New skateboard park, basketball facility being taken care of
By MIKE WILLIAMS
The Town of Pulaski’s new skateboard park and basketball court on First Street S.E. have been a big hit with citizens so far.
That according to Pulaski Councilman Jamie Radcliffe, who said it appears users of the facility are taking good care of it.
Town Manager Darlene Burcham agreed.
“I have been super impressed and amazed that when the trash can is full – and it stays full a lot – people are still keeping the area clean. Because they’re putting the stuff beside the trash can for it to be picked up. So, it’s probably – knock on wood – the most litter free area that we have in town right now,” Burcham commented.
“So, it’s tremendous, the kind of loving care being given to that facility by the users really is very, very impressive.”
Across the creek, the town has razed the former Peak Creek Mercantile and has plans for a parking lot.
“We did demolish that building using town funds. The property is still in the ownership of the gentleman who owes significant amount of taxes to both the town and the county on that property,” Burcham explained.
She said once the site is leveled and ready for development, it will be reassessed by the county assessor.
“Then,” she said, “the town attorney will be proceeding to take the next steps that are necessary on the judicial path for us to actually obtain title to the property, and once the title comes to us, then we can make any improvements to the property itself.”
Burcham said currently the town is limiting any expense it has to just the actual demolition costs, which she said are about $63,000.
“It was actually three buildings that kind of were intertwined. I don’t think we’ll probably be able to put a parking lot on it until springtime, but we will hopefully be able to get control of the property between now and next spring.”
Radcliffe continued that comments about the town from citizens are that things “are looking good.”
He then asked about the old county jail building.
“We continue to advise the county that they are not in compliance with our codes,” Burcham responded. “The last conversation that I had with the County Administrator he indicated that they plan to demolish the building. I don’t know what the timeline is as it relates to that. I did ask him in the meantime to at least remove the vines off the building and to repair the roof which has been a constant code enforcement issue. They’ve been given a deadline to respond on those issues, or we’ll have to proceed with a summons.”
Mayor Shannon Collins had good to say about the town as well.
“I had the joy of giving some guided tours on Thursday to people from the Rural Virginia Leadership Academy. They were from all over the state, and they really loved our town.
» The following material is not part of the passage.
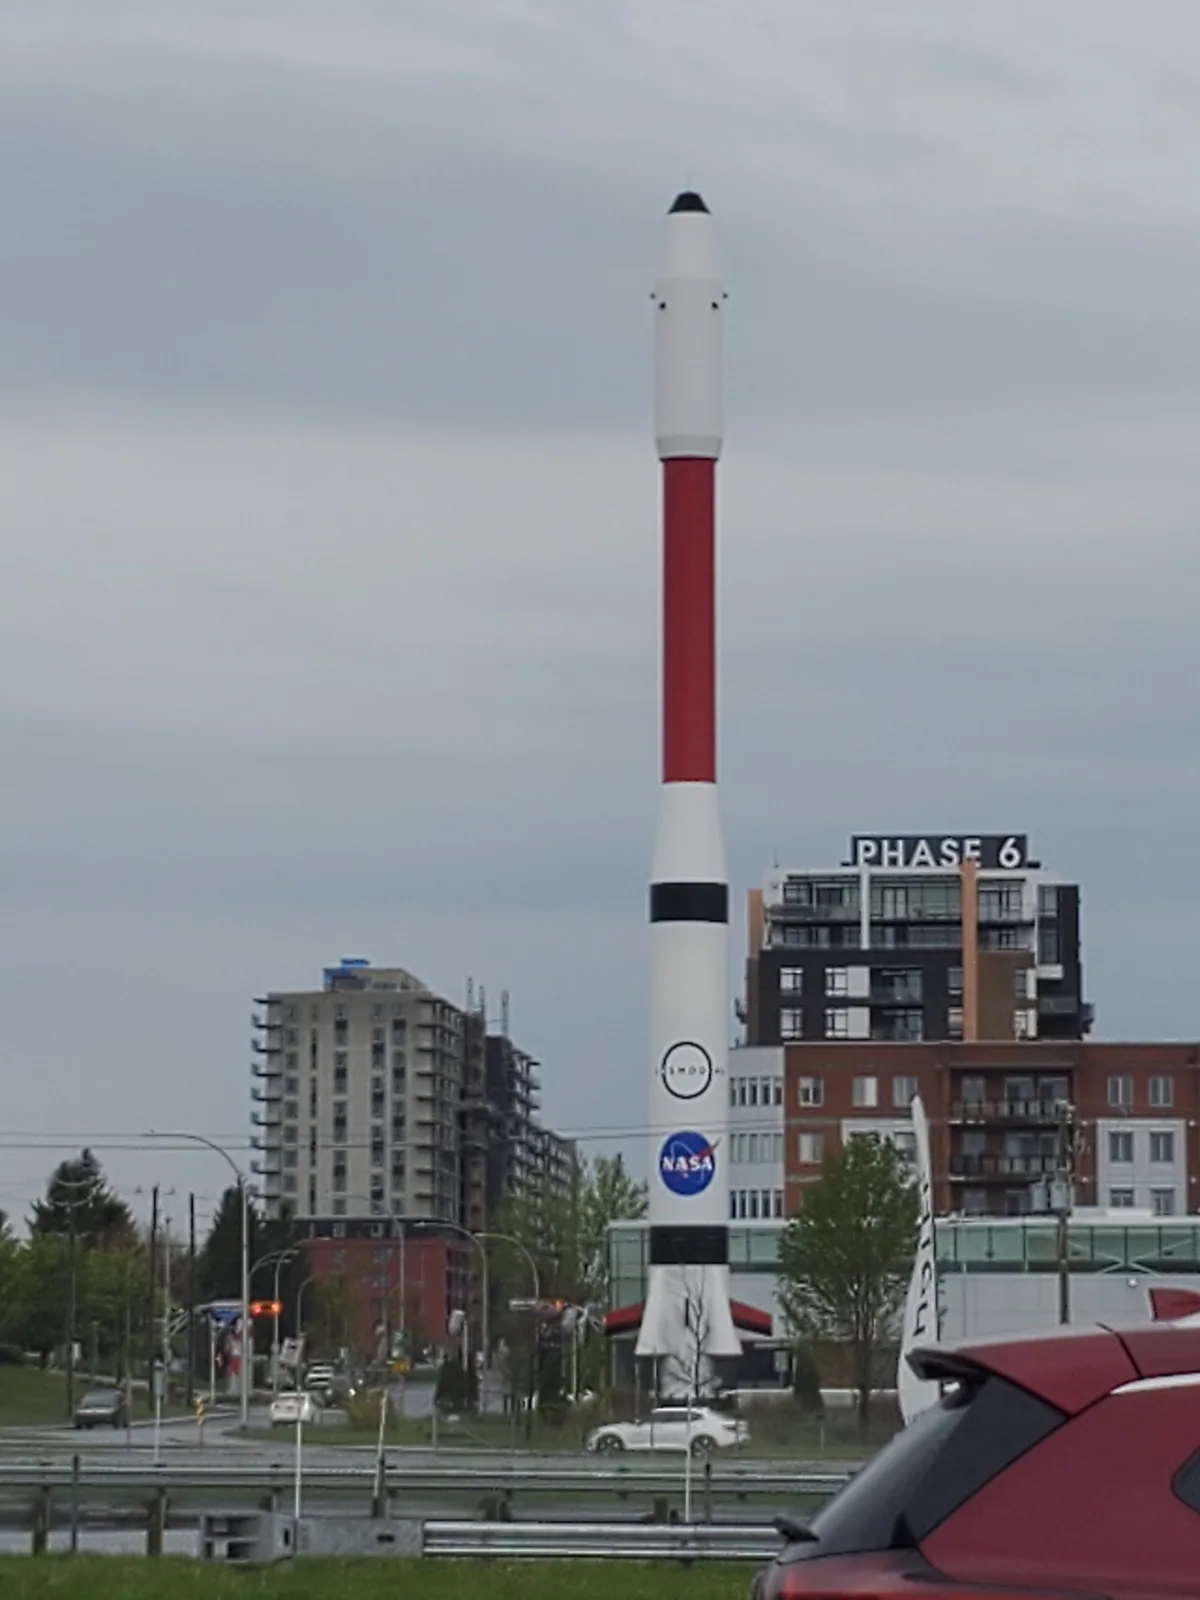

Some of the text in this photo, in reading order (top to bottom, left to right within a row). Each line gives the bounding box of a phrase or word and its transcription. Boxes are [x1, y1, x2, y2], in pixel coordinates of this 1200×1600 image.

They liked what they saw, what we’re doing with the parks and things like that,” Collins said.
“I really think that we’re taking the right steps. We’re going forward. We can’t go back in time. That’s a definite. People would like to stay in the past, and it would be nice at times, but the rest of the world is not staying in the past and we’ve got to move forward. We’ve got the infrastructure still of our old buildings, and we’re lucky because we’re renovating those and I just want to say thank you for everything that we’ve been doing in the town,” Collins told Burcham.
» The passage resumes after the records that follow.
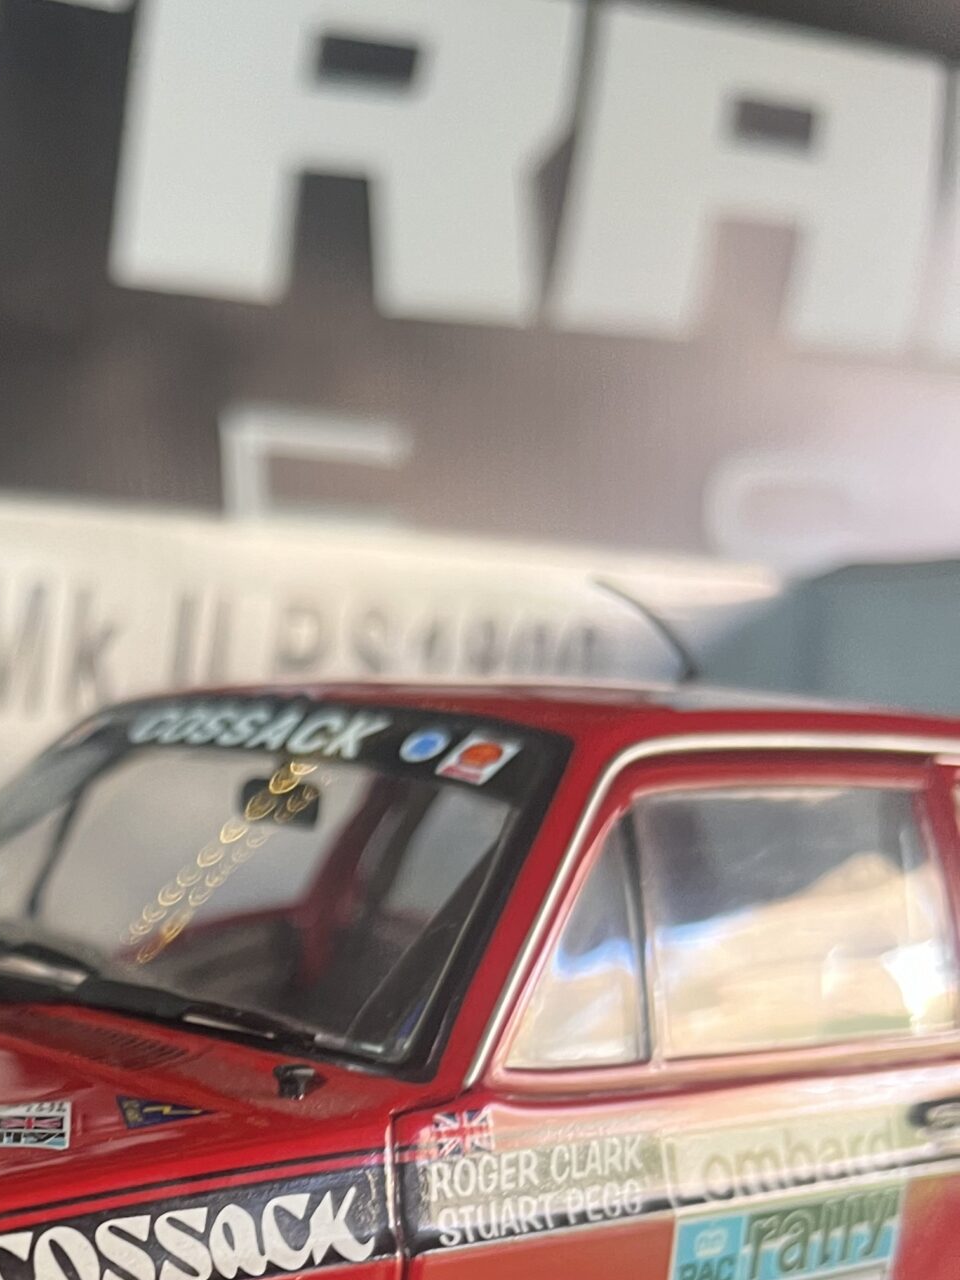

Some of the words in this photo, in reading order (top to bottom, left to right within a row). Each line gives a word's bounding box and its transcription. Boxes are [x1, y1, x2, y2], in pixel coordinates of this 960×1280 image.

[128, 706, 393, 760] COSSACK
[430, 1149, 540, 1201] ROGER
[549, 1134, 644, 1185] CLARK
[665, 1105, 902, 1204] Lombard
[439, 1192, 556, 1247] STUART
[566, 1178, 643, 1226] PEGG
[748, 1187, 900, 1280] rally
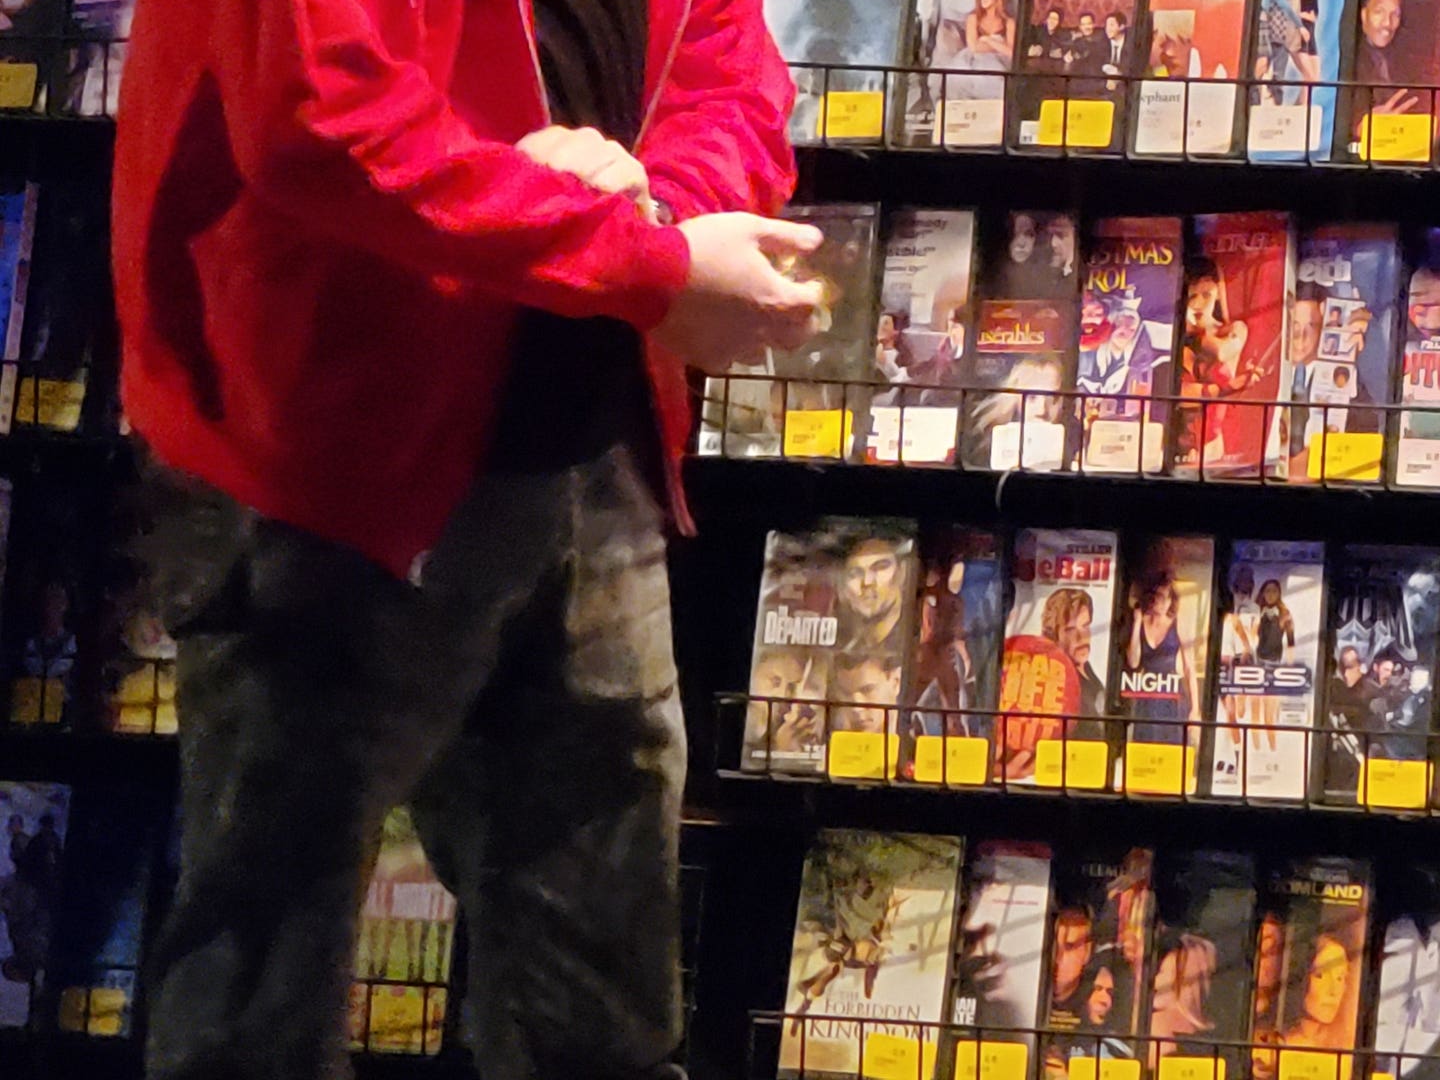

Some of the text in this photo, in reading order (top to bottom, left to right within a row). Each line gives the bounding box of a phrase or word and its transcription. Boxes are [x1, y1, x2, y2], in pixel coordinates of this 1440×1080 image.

[1018, 556, 1111, 581] eBall
[763, 611, 838, 646] DEPARTED
[1120, 671, 1183, 694] NIGHT
[824, 1000, 922, 1020] FORBIDDEN
“It was nice to hear people from outside of our town because there’s a lot of negative that happens from inside of our town which really frosts my shorts, but that’s what we’ve got to deal with. But when you have someone from outside your town and they come in and they’re saying what good things we’re actually doing … it’s getting there. But it was really good. And then we had good barbecue that night from our future barbecue restaurant that will be on Main Street, and it was really good,” Collins said.
“I will tell you that the Rural Virginia group went to St. Paul for a similar event. But I was told that they intended to return to Pulaski for two days next year. So that in and of itself, I think was very impressive,” Burcham said.
“Secondly, our charging station that’s been in place for a while is officially being used. We’ve had a number of people who have commented in a positive way about it being available. And again, it’s kind of the way of the future, you know, as more and more people are moving toward electric cars.
“And then we have those people that you just mentioned Mr. Mayor, who want to find something wrong with everything that we do. And so, we just have to keep looking ahead rather than looking behind, but it will be publicized in all of the companies’ manuals, or materials that do have electric cars so we do anticipate that in addition to our residents using it we will have visitors that will come into the area and use the charging system. It is a Level Two so it’s not as slow as some, but it’s not as fast as others and so we want to make sure people spend a couple of hours visiting our town when they do come.
“I want to also mention that we did open bids last week for the waterline replacement on West Main. We’re doing some value engineering because it did come in a couple of $100,000 more than we had anticipated. But that project is being funded through ARPA funds, so we may have to adjust some of the other projects in order to accommodate that additional request. But we are well on our way to getting that awarded in the next month so that we can get that started.
We will be having a meeting with the property owners on West Main so they understand the process that we will be going through. We will actually do kind of like a third of the street at a time in order to make sure that the businesses can stay open.